[Assignment]: Output all of the data below without changing a word, and exclude the pictures.

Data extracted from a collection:
-- Opening Marker --

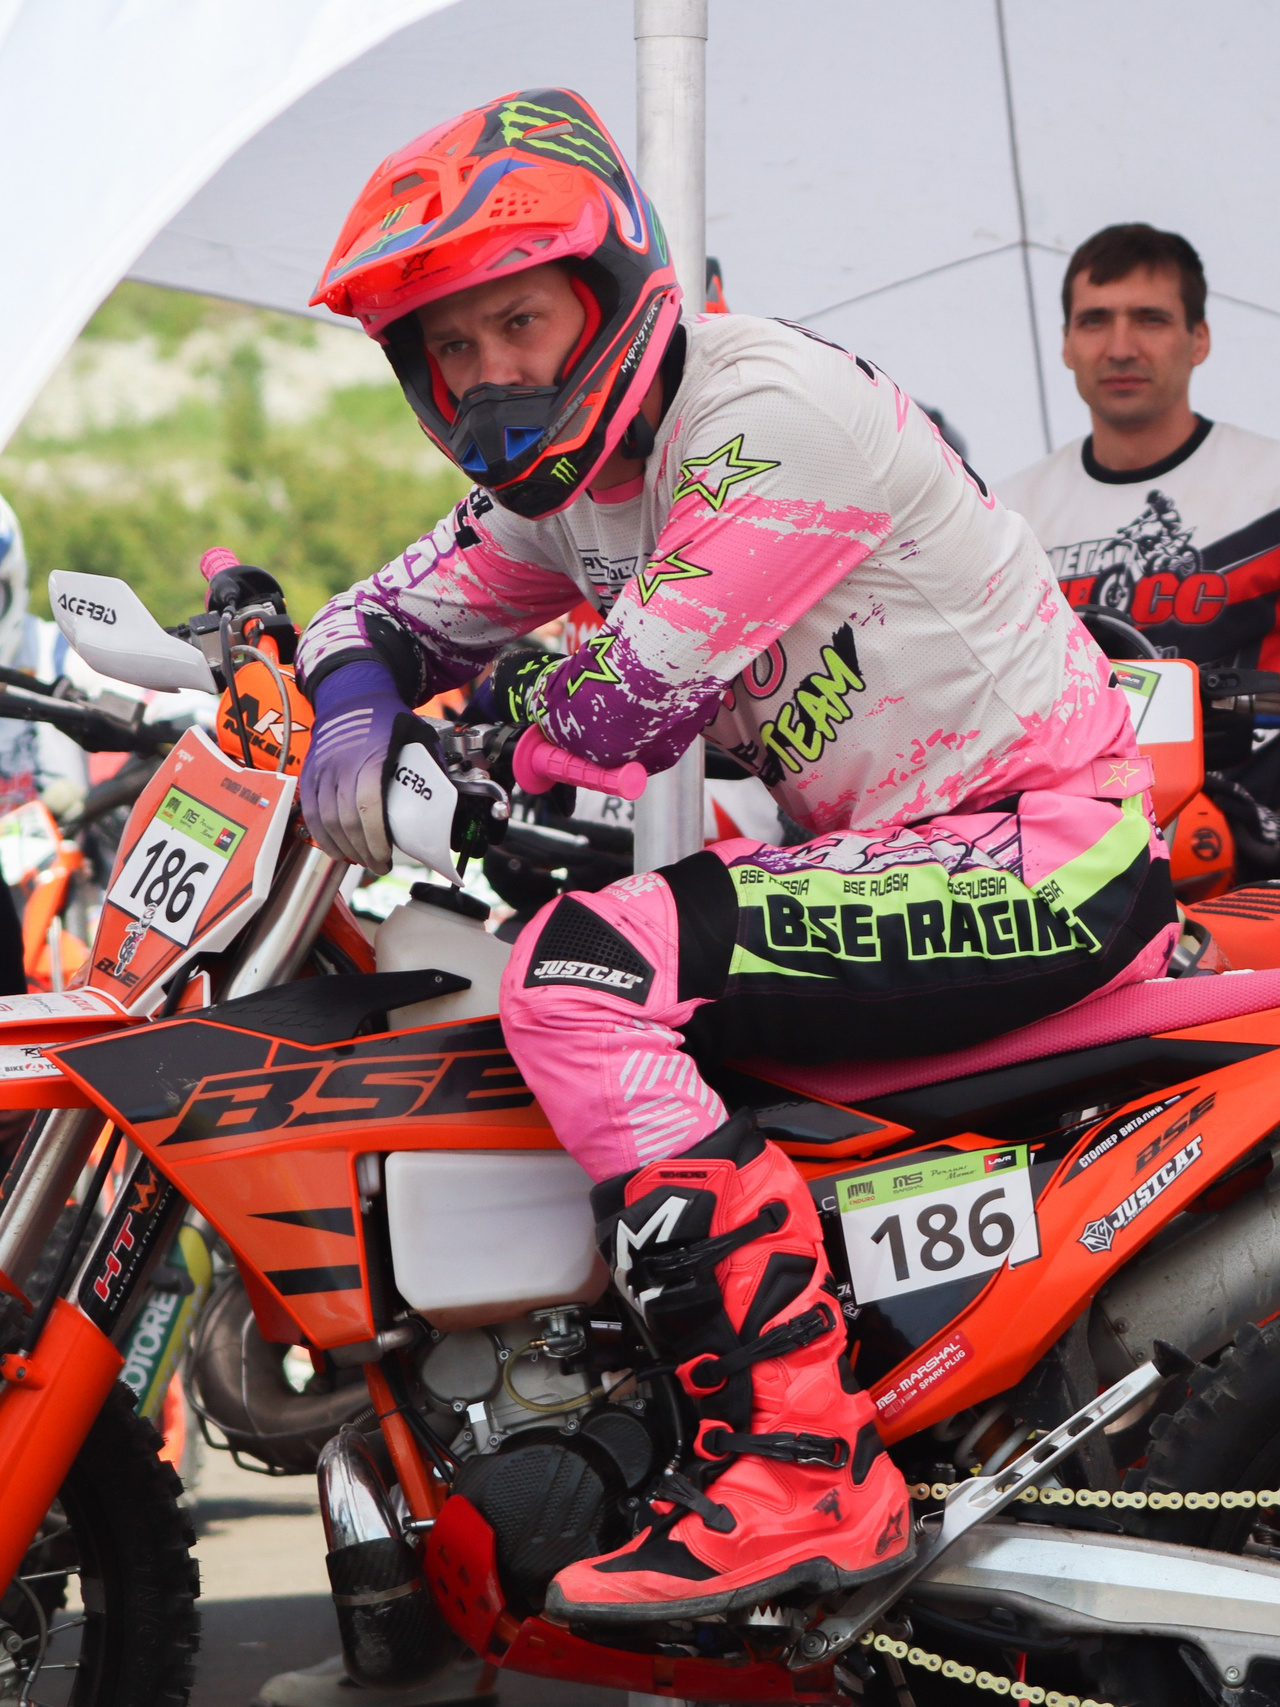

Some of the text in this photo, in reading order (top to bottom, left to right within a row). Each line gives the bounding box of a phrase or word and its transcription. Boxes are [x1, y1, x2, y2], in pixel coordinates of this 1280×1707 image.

[57, 593, 117, 625] ACERBIS
[759, 644, 867, 774] TEAM
[129, 839, 210, 924] 186
[740, 869, 765, 885] BSE
[843, 873, 909, 898] BSE RUSSIA
[766, 894, 881, 962] BSE
[533, 960, 644, 989] JUSTCAT
[5, 1064, 24, 1073] BIKE
[45, 1063, 58, 1071] YO
[1078, 1133, 1119, 1169] СТОЛПЕР
[1118, 1104, 1164, 1138] ВИТАЛИЙ
[1111, 1135, 1203, 1230] JUSTCAT
[870, 1187, 1015, 1282] 186
[875, 1342, 961, 1411] MS-MARSHAL
[918, 1349, 966, 1390] SPARK PLUG

-- Closing Marker --

[Solved problem]:
Some of the text in this photo, in reading order (top to bottom, left to right within a row). Each line gives the bounding box of a phrase or word and its transcription. Boxes are [x1, y1, x2, y2], in pixel coordinates of this 1280×1707 image.

[57, 593, 117, 625] ACERBIS
[759, 644, 867, 774] TEAM
[129, 839, 210, 924] 186
[740, 869, 765, 885] BSE
[843, 873, 909, 898] BSE RUSSIA
[766, 894, 881, 962] BSE
[533, 960, 644, 989] JUSTCAT
[5, 1064, 24, 1073] BIKE
[45, 1063, 58, 1071] YO
[1078, 1133, 1119, 1169] СТОЛПЕР
[1118, 1104, 1164, 1138] ВИТАЛИЙ
[1111, 1135, 1203, 1230] JUSTCAT
[870, 1187, 1015, 1282] 186
[875, 1342, 961, 1411] MS-MARSHAL
[918, 1349, 966, 1390] SPARK PLUG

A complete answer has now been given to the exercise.